The response must contain every line of the records that follow, duplicated exactly.

⟨

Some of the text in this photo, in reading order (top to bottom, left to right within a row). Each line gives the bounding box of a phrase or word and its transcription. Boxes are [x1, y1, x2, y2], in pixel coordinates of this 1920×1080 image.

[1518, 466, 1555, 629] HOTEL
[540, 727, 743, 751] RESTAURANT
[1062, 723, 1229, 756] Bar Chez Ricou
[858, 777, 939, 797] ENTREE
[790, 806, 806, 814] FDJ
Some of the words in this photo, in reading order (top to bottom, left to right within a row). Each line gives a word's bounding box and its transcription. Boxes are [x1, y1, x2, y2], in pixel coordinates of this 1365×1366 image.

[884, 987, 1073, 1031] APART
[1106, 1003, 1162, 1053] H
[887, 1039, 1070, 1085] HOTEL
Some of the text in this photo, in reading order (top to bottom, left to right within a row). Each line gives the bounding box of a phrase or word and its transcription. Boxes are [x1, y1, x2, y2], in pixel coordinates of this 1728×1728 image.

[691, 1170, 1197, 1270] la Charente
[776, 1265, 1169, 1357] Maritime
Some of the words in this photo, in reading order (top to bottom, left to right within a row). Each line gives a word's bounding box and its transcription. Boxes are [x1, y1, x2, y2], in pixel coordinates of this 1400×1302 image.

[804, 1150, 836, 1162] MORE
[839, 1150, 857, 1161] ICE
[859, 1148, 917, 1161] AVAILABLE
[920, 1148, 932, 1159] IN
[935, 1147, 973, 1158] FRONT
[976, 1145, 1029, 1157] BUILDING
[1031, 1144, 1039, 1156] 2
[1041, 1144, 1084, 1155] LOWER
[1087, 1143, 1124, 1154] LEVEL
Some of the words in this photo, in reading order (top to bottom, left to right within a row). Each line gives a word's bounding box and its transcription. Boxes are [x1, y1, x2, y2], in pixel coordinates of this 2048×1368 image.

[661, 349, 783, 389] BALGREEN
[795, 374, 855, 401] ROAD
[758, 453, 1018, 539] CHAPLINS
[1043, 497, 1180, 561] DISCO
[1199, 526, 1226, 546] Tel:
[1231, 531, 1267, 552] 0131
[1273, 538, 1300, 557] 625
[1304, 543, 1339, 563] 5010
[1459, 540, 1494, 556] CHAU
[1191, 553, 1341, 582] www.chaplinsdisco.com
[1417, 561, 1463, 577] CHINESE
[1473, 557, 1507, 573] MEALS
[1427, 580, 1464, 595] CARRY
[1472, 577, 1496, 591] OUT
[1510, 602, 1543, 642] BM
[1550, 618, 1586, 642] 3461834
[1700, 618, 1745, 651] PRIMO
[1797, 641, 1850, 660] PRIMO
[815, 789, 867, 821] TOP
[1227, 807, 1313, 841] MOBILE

⟩

→ **FINAL ANSWER**
Some of the text in this photo, in reading order (top to bottom, left to right within a row). Each line gives the bounding box of a phrase or word and its transcription. Boxes are [x1, y1, x2, y2], in pixel coordinates of this 1920×1080 image.

[1518, 466, 1555, 629] HOTEL
[540, 727, 743, 751] RESTAURANT
[1062, 723, 1229, 756] Bar Chez Ricou
[858, 777, 939, 797] ENTREE
[790, 806, 806, 814] FDJ
Some of the words in this photo, in reading order (top to bottom, left to right within a row). Each line gives a word's bounding box and its transcription. Boxes are [x1, y1, x2, y2], in pixel coordinates of this 1365×1366 image.

[884, 987, 1073, 1031] APART
[1106, 1003, 1162, 1053] H
[887, 1039, 1070, 1085] HOTEL
Some of the text in this photo, in reading order (top to bottom, left to right within a row). Each line gives the bounding box of a phrase or word and its transcription. Boxes are [x1, y1, x2, y2], in pixel coordinates of this 1728×1728 image.

[691, 1170, 1197, 1270] la Charente
[776, 1265, 1169, 1357] Maritime
Some of the words in this photo, in reading order (top to bottom, left to right within a row). Each line gives a word's bounding box and its transcription. Boxes are [x1, y1, x2, y2], in pixel coordinates of this 1400×1302 image.

[804, 1150, 836, 1162] MORE
[839, 1150, 857, 1161] ICE
[859, 1148, 917, 1161] AVAILABLE
[920, 1148, 932, 1159] IN
[935, 1147, 973, 1158] FRONT
[976, 1145, 1029, 1157] BUILDING
[1031, 1144, 1039, 1156] 2
[1041, 1144, 1084, 1155] LOWER
[1087, 1143, 1124, 1154] LEVEL
Some of the words in this photo, in reading order (top to bottom, left to right within a row). Each line gives a word's bounding box and its transcription. Boxes are [x1, y1, x2, y2], in pixel coordinates of this 2048×1368 image.

[661, 349, 783, 389] BALGREEN
[795, 374, 855, 401] ROAD
[758, 453, 1018, 539] CHAPLINS
[1043, 497, 1180, 561] DISCO
[1199, 526, 1226, 546] Tel:
[1231, 531, 1267, 552] 0131
[1273, 538, 1300, 557] 625
[1304, 543, 1339, 563] 5010
[1459, 540, 1494, 556] CHAU
[1191, 553, 1341, 582] www.chaplinsdisco.com
[1417, 561, 1463, 577] CHINESE
[1473, 557, 1507, 573] MEALS
[1427, 580, 1464, 595] CARRY
[1472, 577, 1496, 591] OUT
[1510, 602, 1543, 642] BM
[1550, 618, 1586, 642] 3461834
[1700, 618, 1745, 651] PRIMO
[1797, 641, 1850, 660] PRIMO
[815, 789, 867, 821] TOP
[1227, 807, 1313, 841] MOBILE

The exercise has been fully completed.